### Exercise objective:
Each of the following records is to be printed verbatim.

### Task inputs:
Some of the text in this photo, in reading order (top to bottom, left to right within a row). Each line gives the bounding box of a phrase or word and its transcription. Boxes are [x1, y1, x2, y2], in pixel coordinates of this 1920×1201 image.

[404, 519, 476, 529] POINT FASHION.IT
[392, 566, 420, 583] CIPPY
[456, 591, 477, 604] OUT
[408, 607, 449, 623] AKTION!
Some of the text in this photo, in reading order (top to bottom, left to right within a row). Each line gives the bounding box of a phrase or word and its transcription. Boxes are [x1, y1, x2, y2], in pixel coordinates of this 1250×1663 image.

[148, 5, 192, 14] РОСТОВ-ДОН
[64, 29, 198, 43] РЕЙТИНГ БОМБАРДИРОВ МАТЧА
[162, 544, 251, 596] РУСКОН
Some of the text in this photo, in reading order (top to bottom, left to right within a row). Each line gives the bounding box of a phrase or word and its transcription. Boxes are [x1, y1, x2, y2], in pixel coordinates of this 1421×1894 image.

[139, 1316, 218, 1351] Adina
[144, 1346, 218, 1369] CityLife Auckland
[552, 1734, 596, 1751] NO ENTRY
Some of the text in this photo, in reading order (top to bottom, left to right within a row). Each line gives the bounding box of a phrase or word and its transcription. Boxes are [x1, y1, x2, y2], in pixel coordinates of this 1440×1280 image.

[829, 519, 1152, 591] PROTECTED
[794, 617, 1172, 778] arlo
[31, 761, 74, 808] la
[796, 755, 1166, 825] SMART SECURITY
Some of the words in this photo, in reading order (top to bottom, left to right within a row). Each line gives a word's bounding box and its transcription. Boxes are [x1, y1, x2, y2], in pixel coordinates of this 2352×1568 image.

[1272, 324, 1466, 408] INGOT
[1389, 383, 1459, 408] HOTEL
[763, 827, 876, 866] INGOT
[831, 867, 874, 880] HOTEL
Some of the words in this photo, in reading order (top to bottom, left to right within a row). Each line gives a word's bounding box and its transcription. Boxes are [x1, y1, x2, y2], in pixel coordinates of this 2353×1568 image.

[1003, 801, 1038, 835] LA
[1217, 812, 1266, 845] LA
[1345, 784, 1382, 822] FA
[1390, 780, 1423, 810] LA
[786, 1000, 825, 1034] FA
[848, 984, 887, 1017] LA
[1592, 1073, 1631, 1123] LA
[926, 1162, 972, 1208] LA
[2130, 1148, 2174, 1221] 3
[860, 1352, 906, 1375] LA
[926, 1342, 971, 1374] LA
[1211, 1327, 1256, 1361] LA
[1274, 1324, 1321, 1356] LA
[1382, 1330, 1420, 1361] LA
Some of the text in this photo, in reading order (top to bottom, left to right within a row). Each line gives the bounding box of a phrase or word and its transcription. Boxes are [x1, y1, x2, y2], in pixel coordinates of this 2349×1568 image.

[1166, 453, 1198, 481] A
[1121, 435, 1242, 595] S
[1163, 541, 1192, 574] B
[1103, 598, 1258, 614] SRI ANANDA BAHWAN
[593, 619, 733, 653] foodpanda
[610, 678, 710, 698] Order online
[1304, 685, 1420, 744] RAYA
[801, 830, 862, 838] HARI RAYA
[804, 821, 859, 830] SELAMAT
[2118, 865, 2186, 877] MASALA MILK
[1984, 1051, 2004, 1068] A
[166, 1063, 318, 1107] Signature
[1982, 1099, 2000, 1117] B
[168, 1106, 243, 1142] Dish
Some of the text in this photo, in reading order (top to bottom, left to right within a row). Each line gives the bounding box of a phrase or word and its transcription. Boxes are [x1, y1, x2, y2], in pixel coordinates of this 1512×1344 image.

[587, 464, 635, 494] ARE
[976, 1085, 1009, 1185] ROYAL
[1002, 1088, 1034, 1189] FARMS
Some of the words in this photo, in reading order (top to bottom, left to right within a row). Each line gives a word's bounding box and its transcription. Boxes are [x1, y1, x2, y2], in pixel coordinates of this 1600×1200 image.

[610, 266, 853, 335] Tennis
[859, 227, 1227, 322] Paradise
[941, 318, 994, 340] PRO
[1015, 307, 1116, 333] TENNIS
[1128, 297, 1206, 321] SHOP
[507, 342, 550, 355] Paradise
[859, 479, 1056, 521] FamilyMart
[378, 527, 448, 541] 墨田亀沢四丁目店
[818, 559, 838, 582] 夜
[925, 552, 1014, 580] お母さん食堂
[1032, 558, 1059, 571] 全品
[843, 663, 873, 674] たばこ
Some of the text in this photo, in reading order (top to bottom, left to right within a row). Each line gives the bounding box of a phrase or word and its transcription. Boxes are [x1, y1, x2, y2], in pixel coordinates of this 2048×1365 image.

### Response below:
Some of the text in this photo, in reading order (top to bottom, left to right within a row). Each line gives the bounding box of a phrase or word and its transcription. Boxes are [x1, y1, x2, y2], in pixel coordinates of this 1920×1201 image.

[404, 519, 476, 529] POINT FASHION.IT
[392, 566, 420, 583] CIPPY
[456, 591, 477, 604] OUT
[408, 607, 449, 623] AKTION!
Some of the text in this photo, in reading order (top to bottom, left to right within a row). Each line gives the bounding box of a phrase or word and its transcription. Boxes are [x1, y1, x2, y2], in pixel coordinates of this 1250×1663 image.

[148, 5, 192, 14] РОСТОВ-ДОН
[64, 29, 198, 43] РЕЙТИНГ БОМБАРДИРОВ МАТЧА
[162, 544, 251, 596] РУСКОН
Some of the text in this photo, in reading order (top to bottom, left to right within a row). Each line gives the bounding box of a phrase or word and its transcription. Boxes are [x1, y1, x2, y2], in pixel coordinates of this 1421×1894 image.

[139, 1316, 218, 1351] Adina
[144, 1346, 218, 1369] CityLife Auckland
[552, 1734, 596, 1751] NO ENTRY
Some of the text in this photo, in reading order (top to bottom, left to right within a row). Each line gives the bounding box of a phrase or word and its transcription. Boxes are [x1, y1, x2, y2], in pixel coordinates of this 1440×1280 image.

[829, 519, 1152, 591] PROTECTED
[794, 617, 1172, 778] arlo
[31, 761, 74, 808] la
[796, 755, 1166, 825] SMART SECURITY
Some of the words in this photo, in reading order (top to bottom, left to right within a row). Each line gives a word's bounding box and its transcription. Boxes are [x1, y1, x2, y2], in pixel coordinates of this 2352×1568 image.

[1272, 324, 1466, 408] INGOT
[1389, 383, 1459, 408] HOTEL
[763, 827, 876, 866] INGOT
[831, 867, 874, 880] HOTEL
Some of the words in this photo, in reading order (top to bottom, left to right within a row). Each line gives a word's bounding box and its transcription. Boxes are [x1, y1, x2, y2], in pixel coordinates of this 2353×1568 image.

[1003, 801, 1038, 835] LA
[1217, 812, 1266, 845] LA
[1345, 784, 1382, 822] FA
[1390, 780, 1423, 810] LA
[786, 1000, 825, 1034] FA
[848, 984, 887, 1017] LA
[1592, 1073, 1631, 1123] LA
[926, 1162, 972, 1208] LA
[2130, 1148, 2174, 1221] 3
[860, 1352, 906, 1375] LA
[926, 1342, 971, 1374] LA
[1211, 1327, 1256, 1361] LA
[1274, 1324, 1321, 1356] LA
[1382, 1330, 1420, 1361] LA
Some of the text in this photo, in reading order (top to bottom, left to right within a row). Each line gives the bounding box of a phrase or word and its transcription. Boxes are [x1, y1, x2, y2], in pixel coordinates of this 2349×1568 image.

[1166, 453, 1198, 481] A
[1121, 435, 1242, 595] S
[1163, 541, 1192, 574] B
[1103, 598, 1258, 614] SRI ANANDA BAHWAN
[593, 619, 733, 653] foodpanda
[610, 678, 710, 698] Order online
[1304, 685, 1420, 744] RAYA
[801, 830, 862, 838] HARI RAYA
[804, 821, 859, 830] SELAMAT
[2118, 865, 2186, 877] MASALA MILK
[1984, 1051, 2004, 1068] A
[166, 1063, 318, 1107] Signature
[1982, 1099, 2000, 1117] B
[168, 1106, 243, 1142] Dish
Some of the text in this photo, in reading order (top to bottom, left to right within a row). Each line gives the bounding box of a phrase or word and its transcription. Boxes are [x1, y1, x2, y2], in pixel coordinates of this 1512×1344 image.

[587, 464, 635, 494] ARE
[976, 1085, 1009, 1185] ROYAL
[1002, 1088, 1034, 1189] FARMS
Some of the words in this photo, in reading order (top to bottom, left to right within a row). Each line gives a word's bounding box and its transcription. Boxes are [x1, y1, x2, y2], in pixel coordinates of this 1600×1200 image.

[610, 266, 853, 335] Tennis
[859, 227, 1227, 322] Paradise
[941, 318, 994, 340] PRO
[1015, 307, 1116, 333] TENNIS
[1128, 297, 1206, 321] SHOP
[507, 342, 550, 355] Paradise
[859, 479, 1056, 521] FamilyMart
[378, 527, 448, 541] 墨田亀沢四丁目店
[818, 559, 838, 582] 夜
[925, 552, 1014, 580] お母さん食堂
[1032, 558, 1059, 571] 全品
[843, 663, 873, 674] たばこ
Some of the text in this photo, in reading order (top to bottom, left to right within a row). Each line gives the bounding box of a phrase or word and its transcription. Boxes are [x1, y1, x2, y2], in pixel coordinates of this 2048×1365 image.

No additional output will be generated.